Proposed Rule to create national security review for acquisitions in US ICTS sector
Regulations could create significant uncertainty for companies operating in sector
10 December 2019
The U.S. Department of Commerce has issued a proposed rule that would empower the agency to review and restrict acquisitions of information and communications technology and services in the interest of U.S. national security and without many procedural safeguards.
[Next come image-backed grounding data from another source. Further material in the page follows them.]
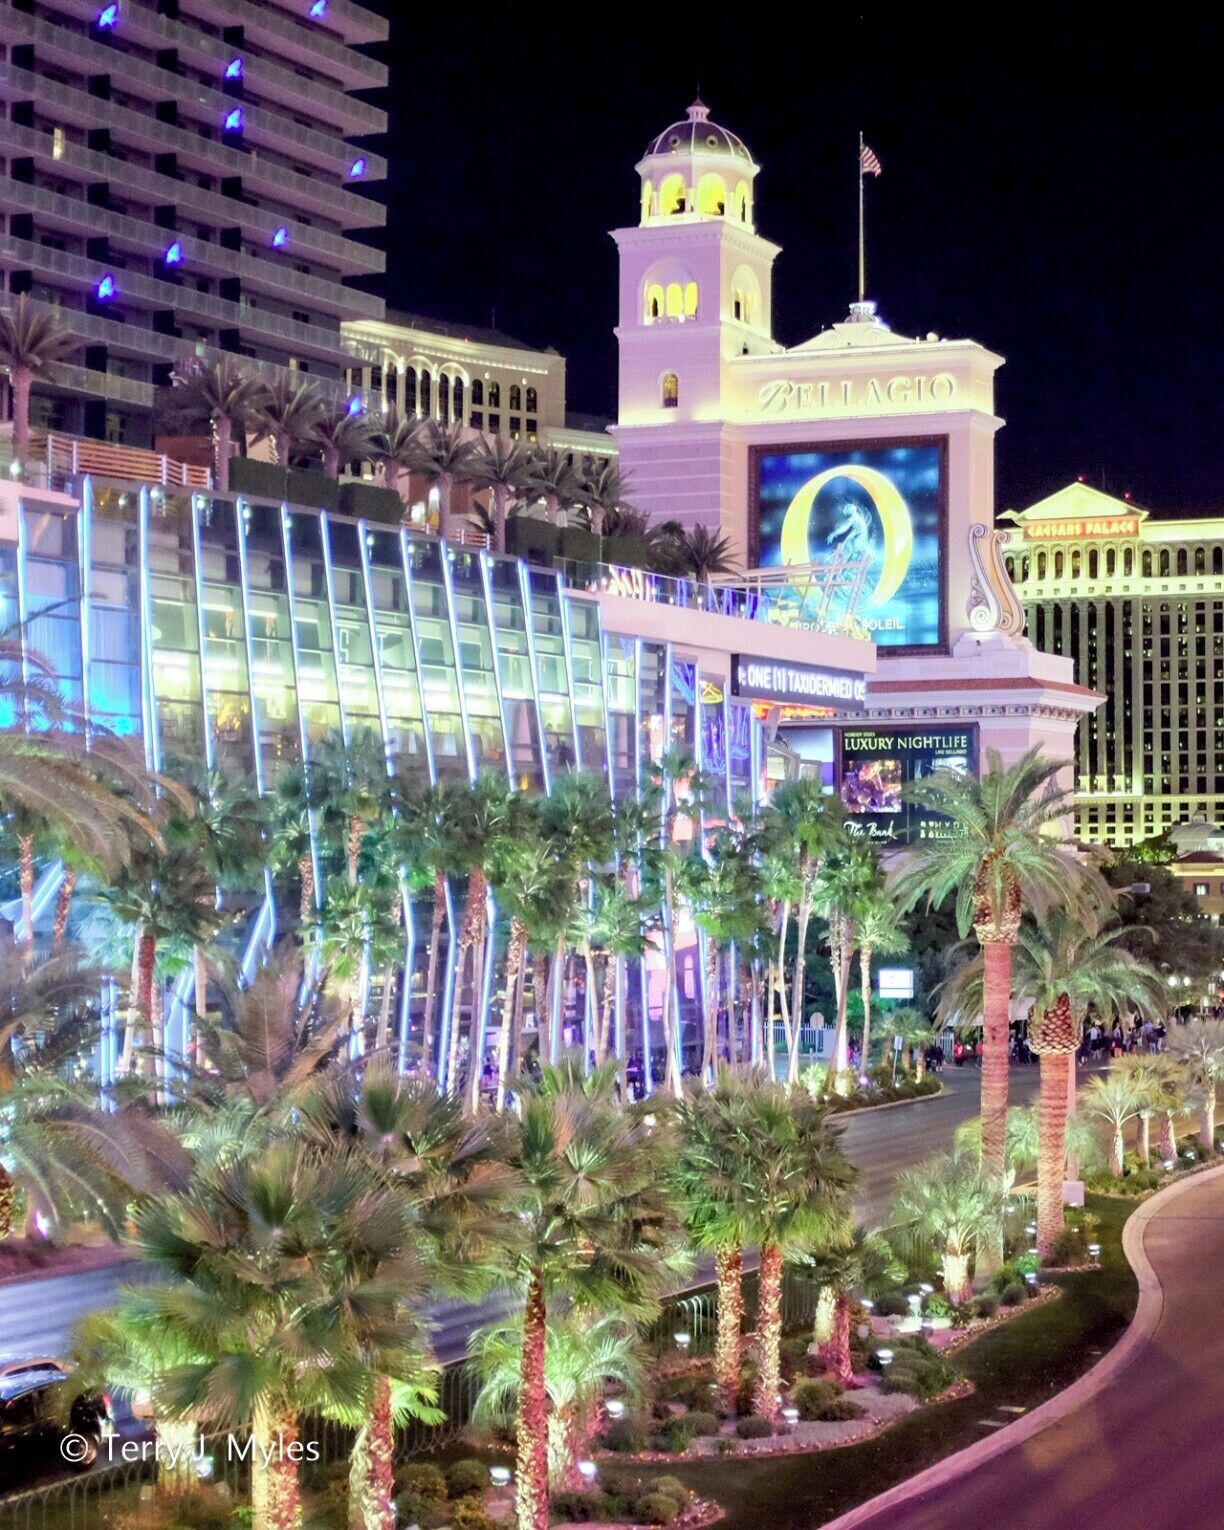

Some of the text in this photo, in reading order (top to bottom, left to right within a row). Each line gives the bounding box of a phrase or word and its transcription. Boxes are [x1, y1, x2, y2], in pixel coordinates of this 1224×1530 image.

[1085, 520, 1136, 535] PALACE
[748, 664, 771, 689] ONE
[788, 671, 853, 700] TAXIDERMIED
[844, 735, 967, 751] LUXURY NIGHTLIFE
[843, 820, 898, 840] The Bank
The proposed rule implements Executive Order 13873 of May 15, 2019, under which President Trump imposed restrictions on the "acquisition, importation, transfer, installation, dealing in, or use of any information and communications technology or service (transaction) by any person, or with respect to any property, subject to the jurisdiction of the United States," if the U.S. Government determined that the transaction poses an undue threat to U.S. national security.
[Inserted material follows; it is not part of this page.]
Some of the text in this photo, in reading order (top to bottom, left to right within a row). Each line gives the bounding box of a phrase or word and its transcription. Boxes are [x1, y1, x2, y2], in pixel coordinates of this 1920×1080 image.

Under the proposed rule, the Commerce Secretary will have the authority to prohibit any acquisition, importation, transfer, installation, dealing in, or use of any information and communications technology or service subject to U.S. jurisdiction. The proposed rule sets three conditions that must be met for the Commerce Secretary to exert this power:
- The transaction must involve property in which a foreign country or national has an interest.
- The transaction must include ICTS designed, developed, manufactured, or supplied by persons owned by, controlled by, or subject to the jurisdiction or direction of a foreign adversary.
- The transaction must pose certain undue risks to critical infrastructure or the digital economy in the United States or certain unacceptable risk to U.S. national security or U.S. persons.
The proposed rule's definition of a "foreign adversary" allows the Commerce Secretary to designate foreign governments or foreign non-government persons deemed to be adverse to the national security of the United States, either through "a long-term pattern or serious instances of conduct." Like EO 13873, the proposed rule does not name any particular countries or entities, but is most directly aimed at the acquisition of Chinese and Russian telecommunications equipment, and particularly equipment provided by ZTE and Huawei.
For example, on November 22, 2019, the Federal Communications Commission (FCC) passed a rule to forbid the use of the Universal Service Fund to buy Huawei and ZTE telecommunications equipment. Critically, the proposed rule also has some retroactive applicability – covering transactions that were initiated, are pending, or will be completed after May 15, 2019 (when EO 13873 was issued).
Comparison with the CFIUS and Team Telecom
The reviews under the proposed rule implicate a broader range of transactions than the Committee on Foreign Investment in the United States (CFIUS) and Team Telecom processes. Under the CFIUS process, the U.S. Government is limited to: -
- reviewing foreign investments that grant the foreign investor control over a U.S. business, or
- reviewing noncontrolling investments by foreign investors in certain industries under the Critical Technology Pilot Program.
The current CFIUS regulations do not cover other transactions that the U.S. Government believes may also provide foreign adversaries with access to U.S. ICT infrastructure. Team Telecom is only able to review transactions as part of the broader FCC process when FCC licenses enter the equation – and therefore during mergers and acquisitions. In contrast, the proposed rules have a far broader application that encompasses mergers and acquisitions, joint ventures, licensing agreements only involving intellectual property, and commercial purchases and sales, among other potential transactions.
Moreover, the proposed regulations have only the most basic procedural framework. They do not as yet provide any guidelines or meaningful constraints on Executive action, leaving a significant number of industries with little insight into how the proposed rule might be deployed to interfere with commercial transactions, what safeguards beyond the Administrative Procedures Act would be established to protect companies against inconsistent or arbitrary application, and what mechanisms would be provided to challenge actions administratively. For a proposal of this potential breadth, it is likely impacted sectors will be eager for clarification on these points. Depending on the form of the final regulations, the level of interference on commercial transactions could be significant – particularly for companies not currently affected by CFIUS or Team Telecom.
Comments on the proposed rule are due by December 27, 2019. In particular, the Commerce Department has invited input on the definition of transaction, whether there are categories of transaction that should be excluded from the scope of the proposed rule, and whether there are any types of transaction that pose national security risks that could be mitigated, among other questions. Parties may also wish to request a 30-day extension to the comment period to reflect the importance of the matter and the intervening holiday period. A similar extension was granted in late 2018 when Commerce requested comments over the holiday season on the Advanced Notice of Proposed Rulemaking for "emerging technologies".
Comments may be submitted : -
- By the Federal eRulemaking Portal: http://www.regulations.gov at docket number DOC-2019-0005
- By email directly to: ICTsupplychain@doc.gov. Include “RIN 0605-AA51” in the subject line.
- By mail or hand delivery to: Henry Young, U.S. Department of Commerce, ATTN: RIN 0605-AA51, 1401 Constitution Avenue NW, Washington, DC 20230.